## What to do
Each record below must be reproduced exactly as it reads, with its images omitted.

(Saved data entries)
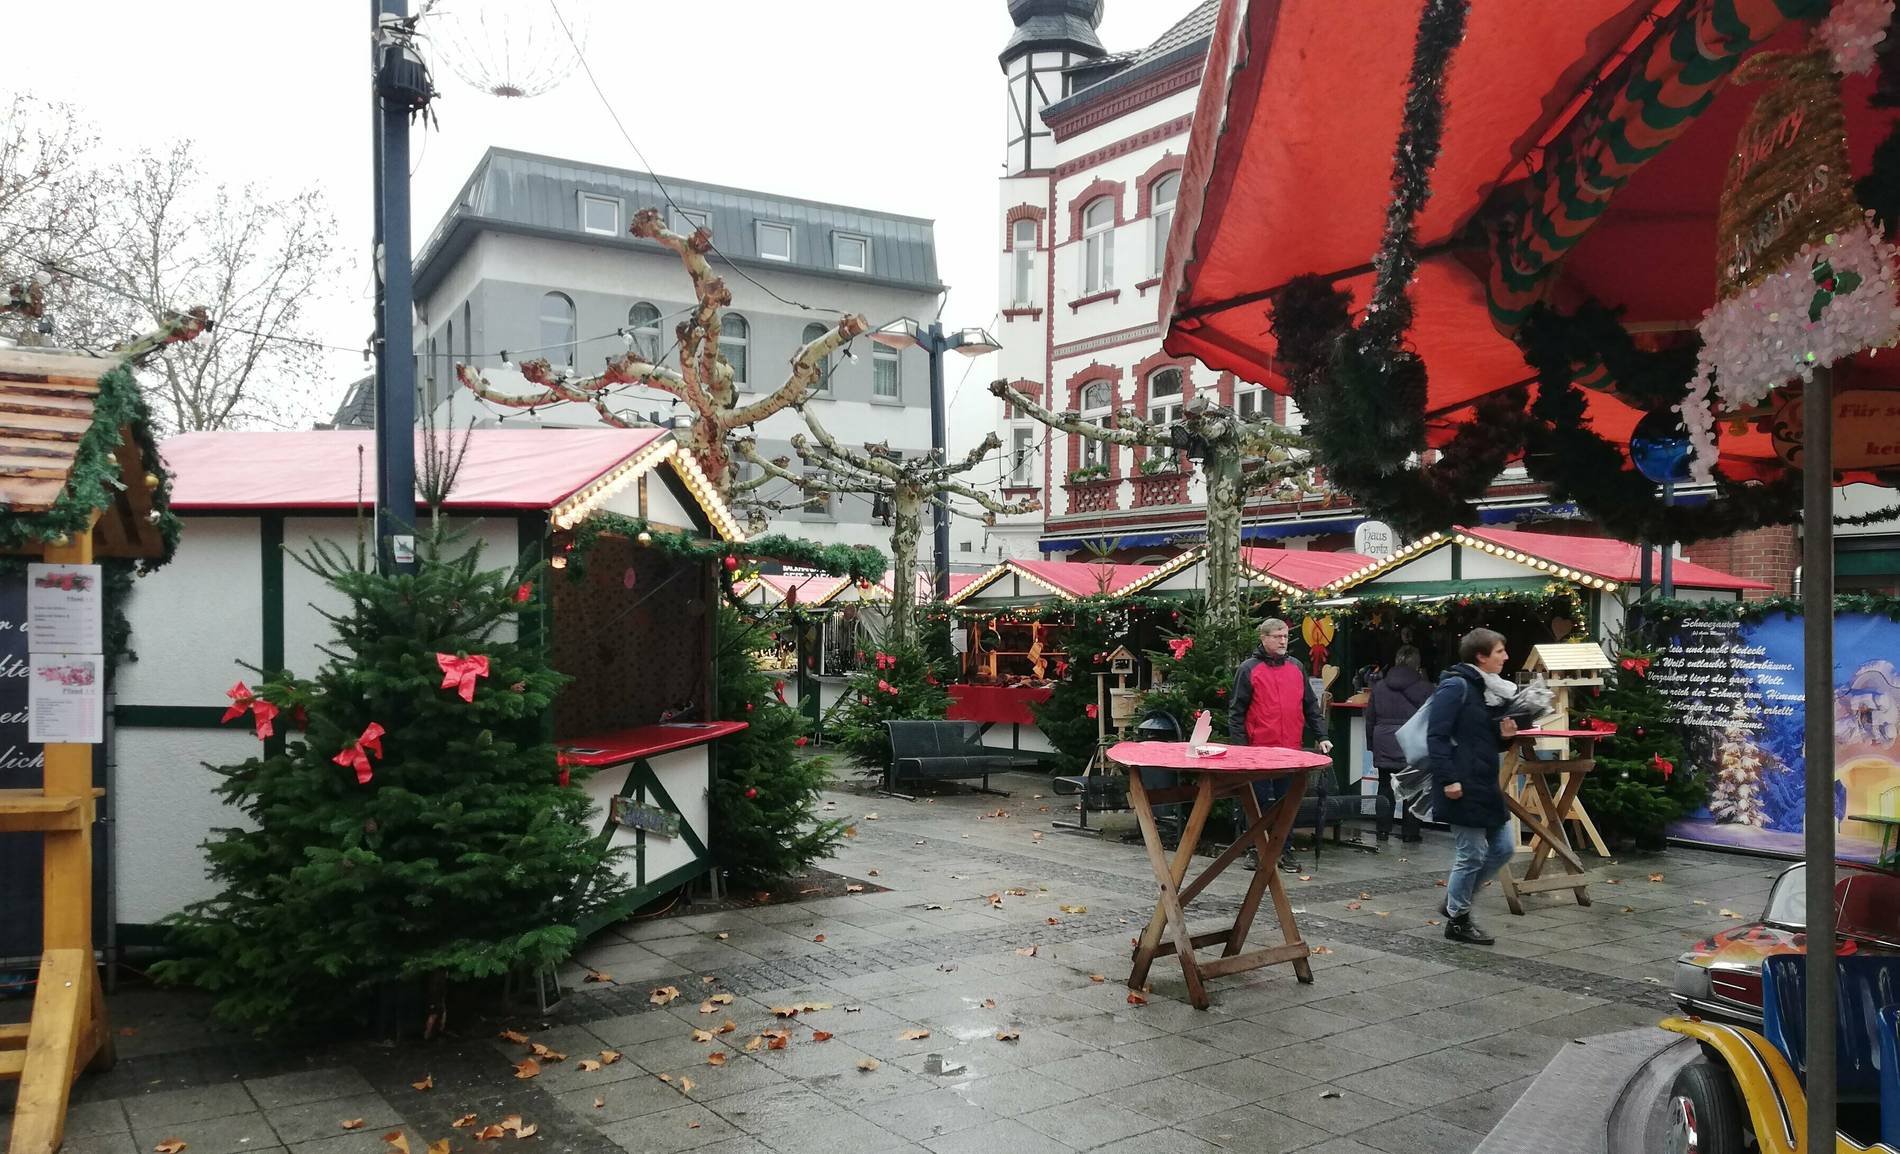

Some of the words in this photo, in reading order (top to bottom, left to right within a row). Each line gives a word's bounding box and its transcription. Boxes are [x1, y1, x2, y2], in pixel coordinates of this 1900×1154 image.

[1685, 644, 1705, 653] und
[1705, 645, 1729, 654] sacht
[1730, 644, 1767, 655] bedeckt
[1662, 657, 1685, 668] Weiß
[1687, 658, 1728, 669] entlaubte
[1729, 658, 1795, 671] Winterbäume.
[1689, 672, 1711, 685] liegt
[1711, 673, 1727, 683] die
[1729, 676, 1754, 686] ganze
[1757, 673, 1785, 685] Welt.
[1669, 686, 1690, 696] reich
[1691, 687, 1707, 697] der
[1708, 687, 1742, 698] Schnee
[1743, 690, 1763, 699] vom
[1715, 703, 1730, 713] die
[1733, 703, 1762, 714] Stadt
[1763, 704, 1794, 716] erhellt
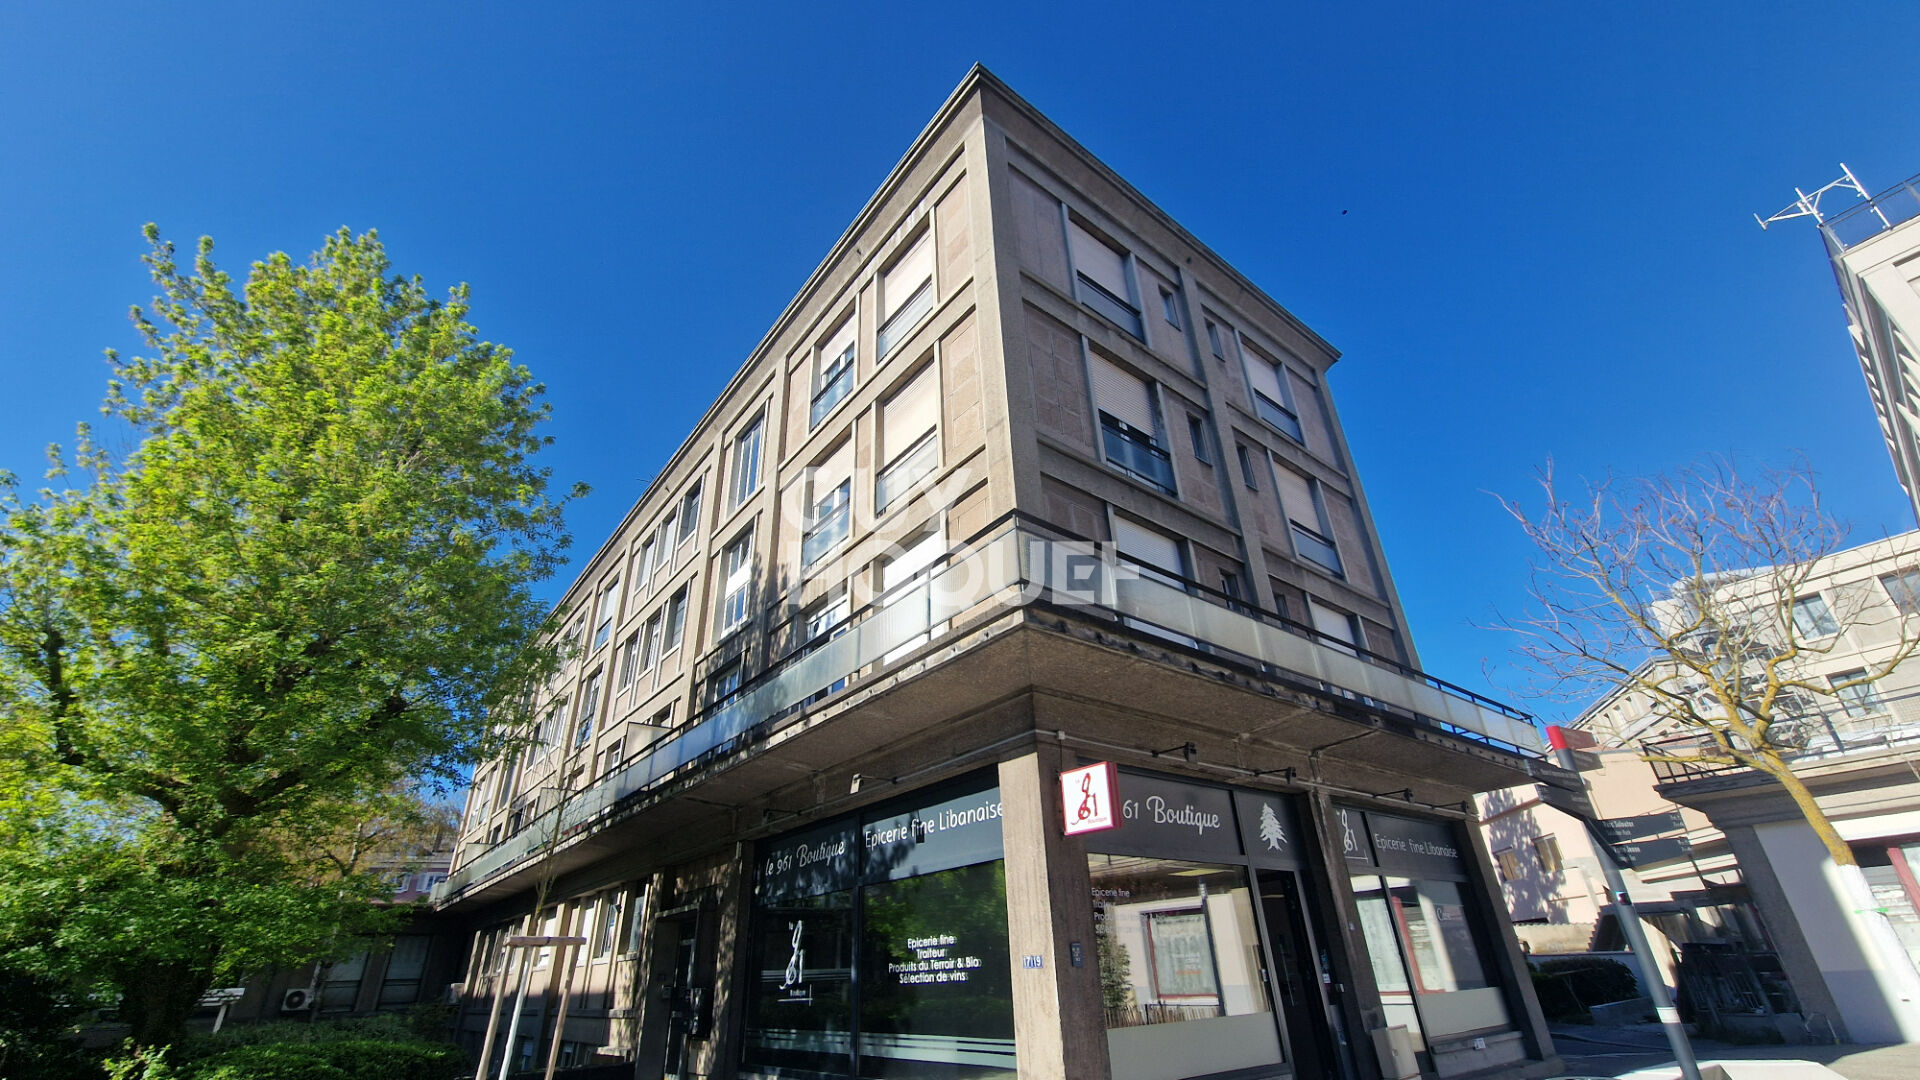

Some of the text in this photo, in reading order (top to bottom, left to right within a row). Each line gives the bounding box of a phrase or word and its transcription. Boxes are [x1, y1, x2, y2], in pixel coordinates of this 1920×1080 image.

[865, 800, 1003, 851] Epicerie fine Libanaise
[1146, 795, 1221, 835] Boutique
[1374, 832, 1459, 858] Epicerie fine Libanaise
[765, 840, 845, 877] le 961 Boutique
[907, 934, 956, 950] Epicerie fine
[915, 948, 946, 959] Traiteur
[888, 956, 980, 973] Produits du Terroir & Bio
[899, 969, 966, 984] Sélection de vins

## Task solution
Some of the words in this photo, in reading order (top to bottom, left to right within a row). Each line gives a word's bounding box and its transcription. Boxes are [x1, y1, x2, y2], in pixel coordinates of this 1900×1154 image.

[1685, 644, 1705, 653] und
[1705, 645, 1729, 654] sacht
[1730, 644, 1767, 655] bedeckt
[1662, 657, 1685, 668] Weiß
[1687, 658, 1728, 669] entlaubte
[1729, 658, 1795, 671] Winterbäume.
[1689, 672, 1711, 685] liegt
[1711, 673, 1727, 683] die
[1729, 676, 1754, 686] ganze
[1757, 673, 1785, 685] Welt.
[1669, 686, 1690, 696] reich
[1691, 687, 1707, 697] der
[1708, 687, 1742, 698] Schnee
[1743, 690, 1763, 699] vom
[1715, 703, 1730, 713] die
[1733, 703, 1762, 714] Stadt
[1763, 704, 1794, 716] erhellt

Some of the text in this photo, in reading order (top to bottom, left to right within a row). Each line gives the bounding box of a phrase or word and its transcription. Boxes are [x1, y1, x2, y2], in pixel coordinates of this 1920×1080 image.

[865, 800, 1003, 851] Epicerie fine Libanaise
[1146, 795, 1221, 835] Boutique
[1374, 832, 1459, 858] Epicerie fine Libanaise
[765, 840, 845, 877] le 961 Boutique
[907, 934, 956, 950] Epicerie fine
[915, 948, 946, 959] Traiteur
[888, 956, 980, 973] Produits du Terroir & Bio
[899, 969, 966, 984] Sélection de vins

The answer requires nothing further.